● **Work instructions**
Please retype the entries exactly as they stand, leaving out any pictures.

● **The input**
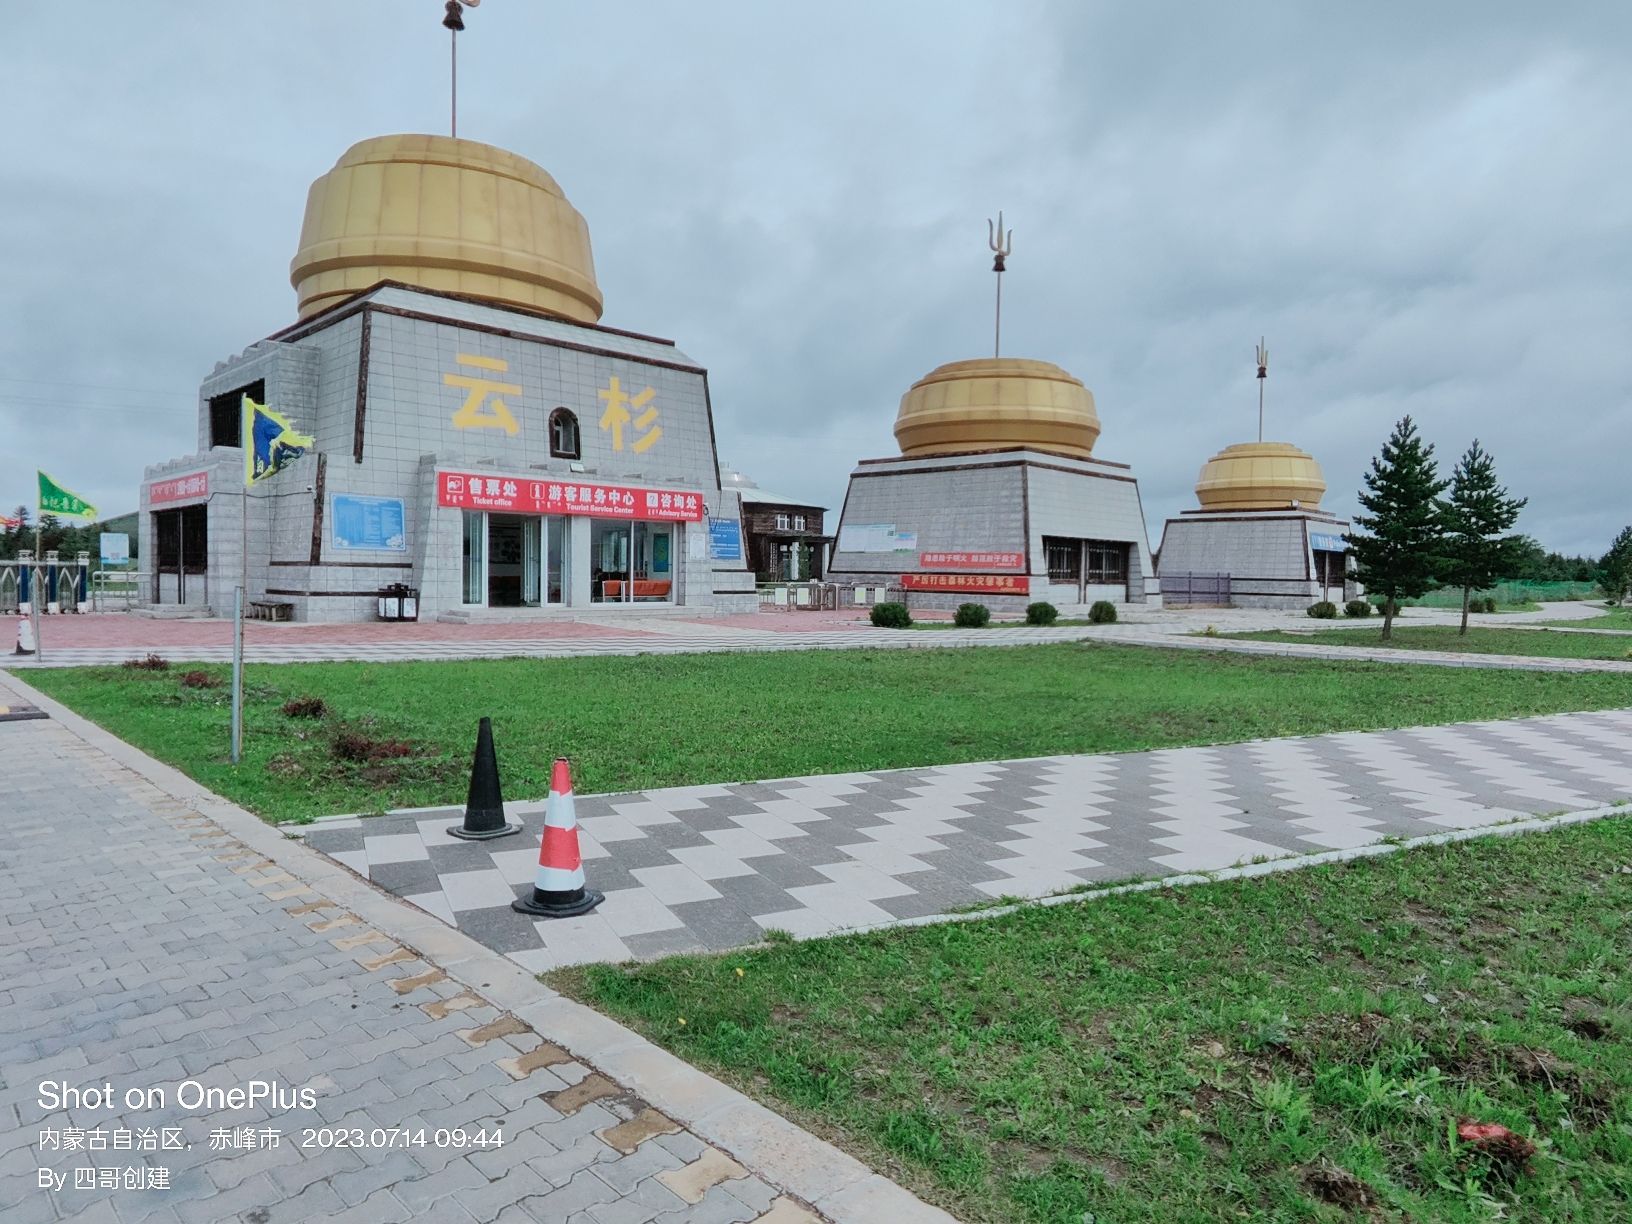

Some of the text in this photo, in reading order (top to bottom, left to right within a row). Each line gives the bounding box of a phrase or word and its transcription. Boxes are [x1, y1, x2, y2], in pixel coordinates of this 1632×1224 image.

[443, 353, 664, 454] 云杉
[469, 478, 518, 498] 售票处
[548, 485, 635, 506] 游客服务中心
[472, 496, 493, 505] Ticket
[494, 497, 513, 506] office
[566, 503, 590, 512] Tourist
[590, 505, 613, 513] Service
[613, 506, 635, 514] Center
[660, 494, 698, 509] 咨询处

● **Reply**
Some of the text in this photo, in reading order (top to bottom, left to right within a row). Each line gives the bounding box of a phrase or word and its transcription. Boxes are [x1, y1, x2, y2], in pixel coordinates of this 1632×1224 image.

[443, 353, 664, 454] 云杉
[469, 478, 518, 498] 售票处
[548, 485, 635, 506] 游客服务中心
[472, 496, 493, 505] Ticket
[494, 497, 513, 506] office
[566, 503, 590, 512] Tourist
[590, 505, 613, 513] Service
[613, 506, 635, 514] Center
[660, 494, 698, 509] 咨询处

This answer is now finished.